===== The data
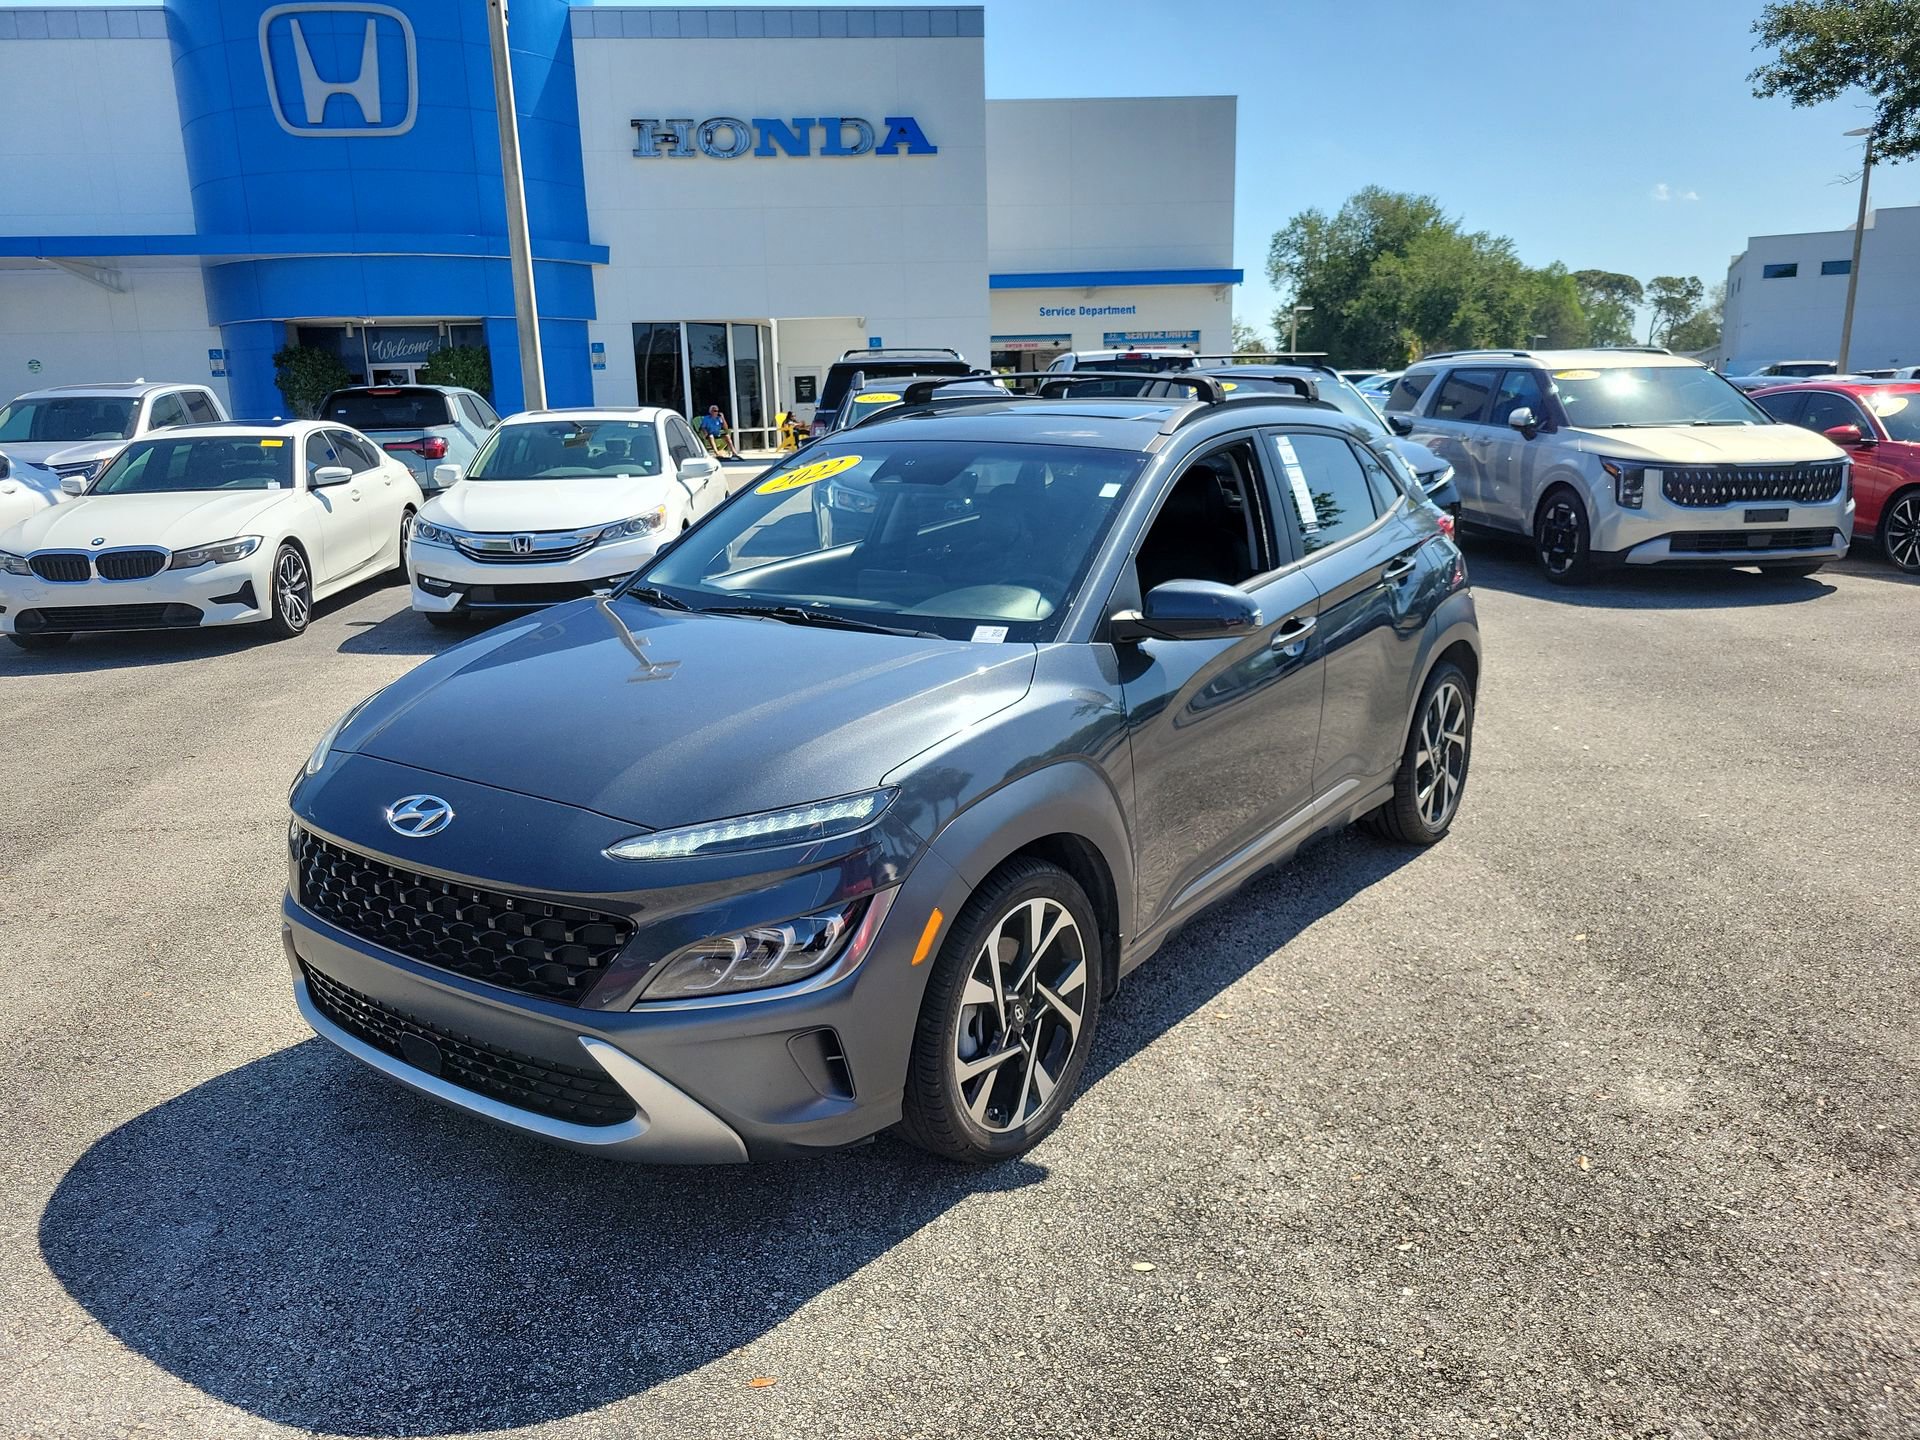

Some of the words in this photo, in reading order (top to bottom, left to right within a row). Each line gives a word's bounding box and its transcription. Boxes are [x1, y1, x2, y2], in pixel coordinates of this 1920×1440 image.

[630, 116, 938, 161] HONDA
[1040, 307, 1076, 317] Service
[1079, 305, 1136, 317] Department
[1125, 331, 1166, 340] SERVICE
[769, 459, 846, 491] 2022
==========
Pictures stay out; everything else in the records above gets copied exactly.

Written response
Some of the words in this photo, in reading order (top to bottom, left to right within a row). Each line gives a word's bounding box and its transcription. Boxes are [x1, y1, x2, y2], in pixel coordinates of this 1920×1440 image.

[630, 116, 938, 161] HONDA
[1040, 307, 1076, 317] Service
[1079, 305, 1136, 317] Department
[1125, 331, 1166, 340] SERVICE
[769, 459, 846, 491] 2022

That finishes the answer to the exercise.